Kommen wir zurück zu den Studien, und zwar den älteren, die quasi per "copy & paste" als Argumenteverstärker Eingang in sehr viele Arbeiten finden. Einerseits möchte ich den geneigten Lesern Einblick in das Zustandekommen der Ergebnisse daraus geben und andererseits vielleicht mitlesenden Studenten oder Fachautoren die Möglichkeit bieten, die Sinnhaftigkeit einer beabsichtigten Zitierung zu prüfen.

Stilling & Beitzke, 1919

Nach dem Tod des Pathologen und Hochschullehrers Heinrich Stilling veröffentlichte Beitzke nach  hinterlassenen Präparaten und Notizen von Stilling einen Beitrag über Uterustumore bei Kaninchen. Diese  Form der Tumore wurden als selten vorkommende Geschwülste bezeichnet, weshalb Stilling über Jahre nur etwa ein Dutzend sammeln konnte, um seine Erkenntnisse darüber als eine ganze, abgeschlossene Studie vorstellen zu können. Die Tiere stammten aus der eigenen Zucht am Pathologischen Institut in Lausanne, womit Stilling beste Kenntnisse über die Herkunft, Haltungsumstände und den Zustand der Tiere hatte. 

Bild 1: Auszug aus Stilling & Beitzke, 1913


Es wurden 13 Kaninchen mit insgesamt 30 Tumoren untersucht, die über mehrere Jahre gesammelt wurden. Das jüngste Tier in diesen Untersuchungen war 4 Jahre alt, das älteste 7 Jahre. Überwiegend bewegte sich das Alter bei einer Tumorerkrankung zwischen 5 - 6 Jahre. Als Ergebnis wurde  u. a. eine familiäre Disposition festgestellt, da die meisten der betroffenen Tiere aus gleichen Würfen stammten. Beitzke benutzt sogar den Begriff einer “Tumorrasse”. Außerdem wurden mit den Kaninchen "Impfversuche", welcher Art auch immer, angestellt. Histologisch ließen sich die 30 Tumore in  4 Gruppen einteilen: Myome, Adenomyom, Adenome und Adenokarzinome. Das Auftreten der Tumore hatte  nichts mit der Funktion des Uterus zu tun, denn sie traten bei Häsinnen auf, die oft, selten oder die nie  in ihrem Leben Nachwuchs hatten.
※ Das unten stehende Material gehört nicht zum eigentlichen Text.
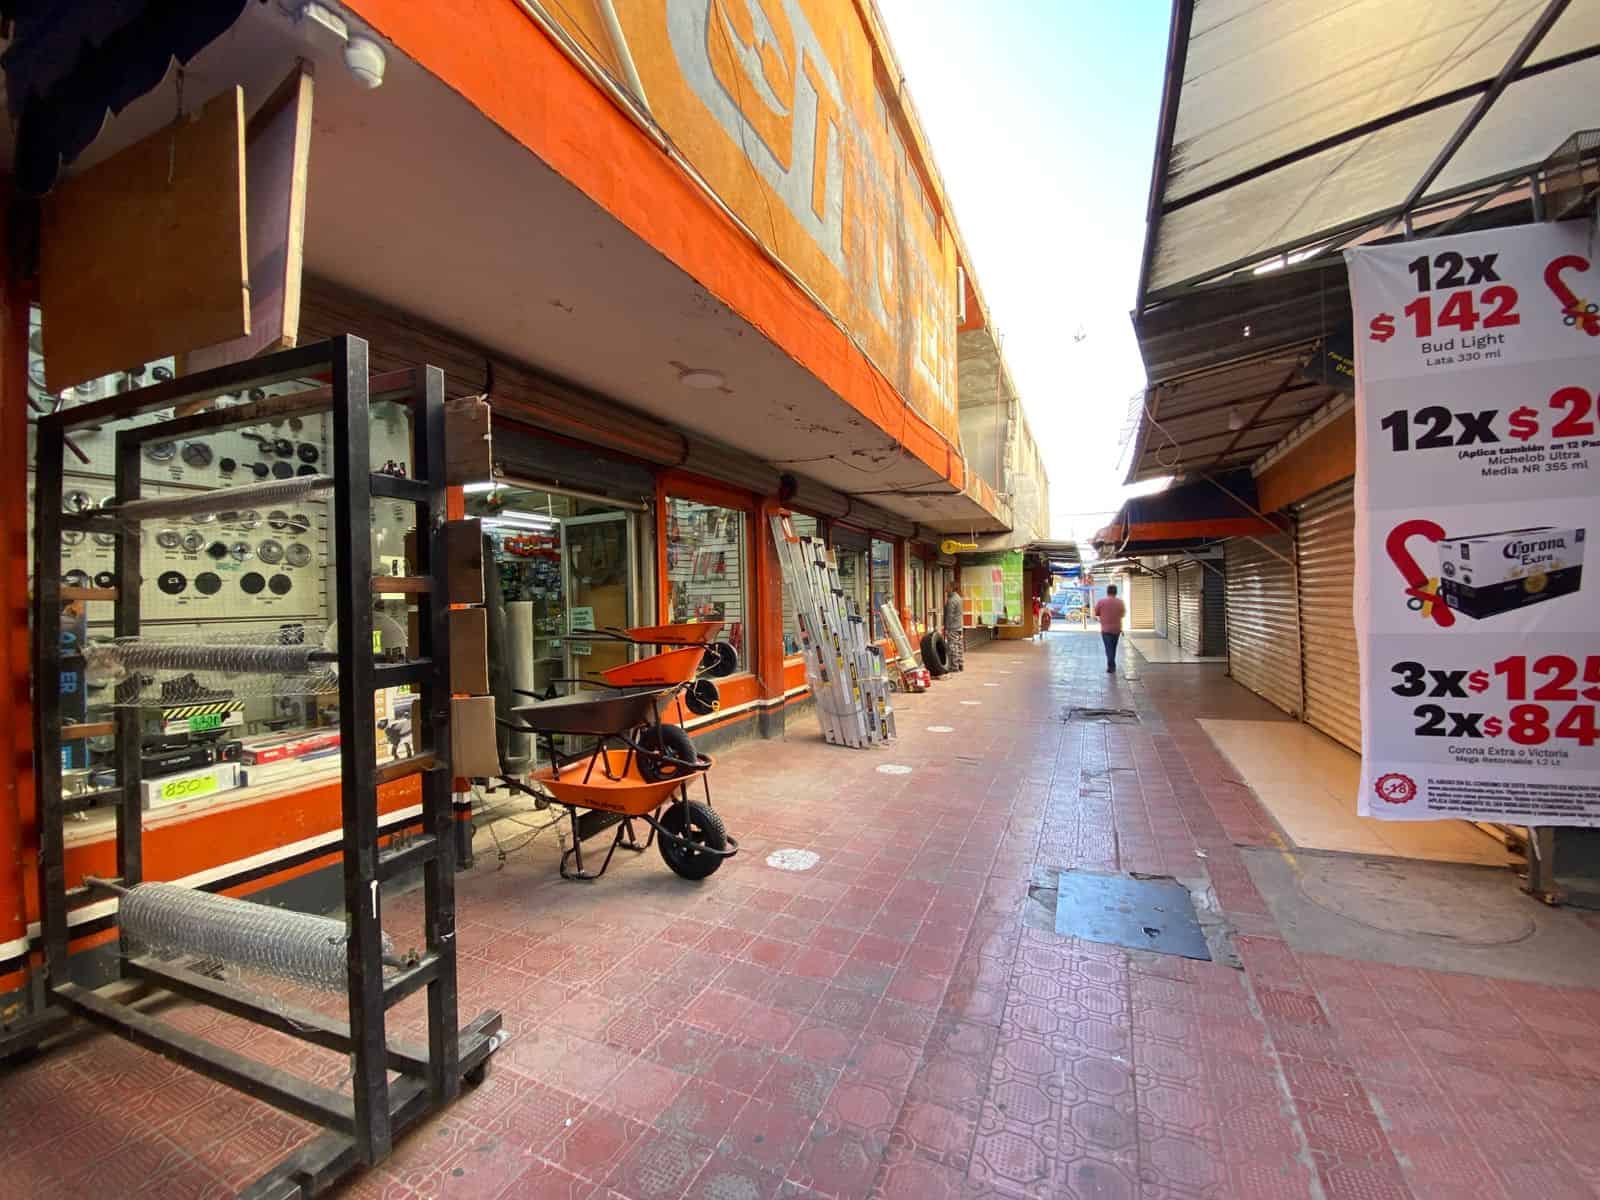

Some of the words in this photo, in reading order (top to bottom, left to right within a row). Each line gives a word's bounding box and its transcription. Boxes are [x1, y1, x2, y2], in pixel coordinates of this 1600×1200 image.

[1408, 252, 1501, 292] 12x
[1421, 338, 1454, 354] Bud
[1461, 332, 1505, 350] Light
[1426, 356, 1455, 366] Lata
[1507, 386, 1600, 442] $2
[1488, 454, 1545, 466] Michelob
[1549, 450, 1580, 460] Ultra
[1481, 467, 1519, 477] Media
[1522, 464, 1540, 473] NR
[1545, 462, 1568, 472] 355
[1571, 460, 1588, 470] ml
[1503, 537, 1567, 560] Corona
[1521, 553, 1553, 566] Extra
[1448, 745, 1485, 755] Corona
[1487, 747, 1515, 756] Extra
[1528, 748, 1569, 758] Victoria
Fazit: möchte man argumentieren, dass Uterustumore bei Kaninchen sehr selten vorkommen, wäre die Veröffentlichung von Stilling & Beitzke, 1919 der beste Argumenteverstärker. Wer darauf verweisen möchte, dass Kaninchen häufig Uterustumore entwickeln, lässt besser die Hände von dieser Arbeit.

Polson, 1927

1927 wurde von Cyril J. Polson eine Arbeit veröffentlicht, die auf Daten von ca. 1100 Tiere zurückgriff. Bei dreizehn dieser Tiere wurde ein Tumor festgestellt (1,2%).
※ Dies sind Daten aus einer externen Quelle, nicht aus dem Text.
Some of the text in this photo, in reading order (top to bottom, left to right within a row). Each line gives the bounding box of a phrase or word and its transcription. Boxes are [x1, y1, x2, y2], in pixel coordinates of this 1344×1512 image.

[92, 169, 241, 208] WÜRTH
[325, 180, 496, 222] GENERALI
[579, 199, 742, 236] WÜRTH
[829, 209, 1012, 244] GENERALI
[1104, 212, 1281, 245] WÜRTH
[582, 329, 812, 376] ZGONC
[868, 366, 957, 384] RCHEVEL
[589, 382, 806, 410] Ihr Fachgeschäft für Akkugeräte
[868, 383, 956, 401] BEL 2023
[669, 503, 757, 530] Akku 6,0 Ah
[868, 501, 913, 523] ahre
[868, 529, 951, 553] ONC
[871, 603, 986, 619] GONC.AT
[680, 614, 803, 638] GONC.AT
Bild 2: Auszug aus Polson, 1927


Fazit: möchte man argumentieren, dass Uterustumore bei Kaninchen selten vorkommen, wäre die Veröffentlichung von Polson, 1927 der beste Argumenteverstärker. Wer darauf verweisen möchte, dass Kaninchen häufig Uterustumore entwickeln, lässt besser die Hände von dieser Arbeit.


Burrows & Boyland, 1938; Burrows, 1940

Im Zusammenhang mit Uterus-Tumoren des Kaninchens wird oft eine Veröffentlichung von (Burrows,  1940) erwähnt. Dort wiederum findet sich ein Verweis auf eine frühere Arbeit von (Burrows, et al., 1938)  zum gleichen Thema, die 1940 quasi weitergeführt wurde. Der Verweis bezieht sich auf das ursprüngliche  Ziel der Arbeit und der daraus folgenden Behandlung der Kaninchen während des Untersuchungszeitraumes: ihnen wurde auf verschiedene Wiesen kanzerogene Substanzen verabreicht,  um ihre Empfänglichkeit für die Entwicklung von Tumoren zu testen. Einigen wurde 1,2,5,6-Dibenzanthrazen in Venen gespritzt - eine kanzerogene (krebsauslösende) Substanz, die zum Beispiel  auch in Zigarettenqualm vorkommt. Anderen wurde der Stoff in die Nasenlöcher gespritzt und zusätzlich  ein, mit Chloroform getränkter, Wattebausch zwischen den Schulterblättern platziert. Weitere Präparationen der Tiere bestanden in der Applikation von Nickel- und Siliziumpuder in die Nasenlöcher und in dem  Bestrahlen der Leistengegend mit Röntgenstrahlen. Diese „Behandlungen“ erfolgten bis zum Tod der Tiere teilweise mehrmals wöchentlich (Burrows, et al., 1938). 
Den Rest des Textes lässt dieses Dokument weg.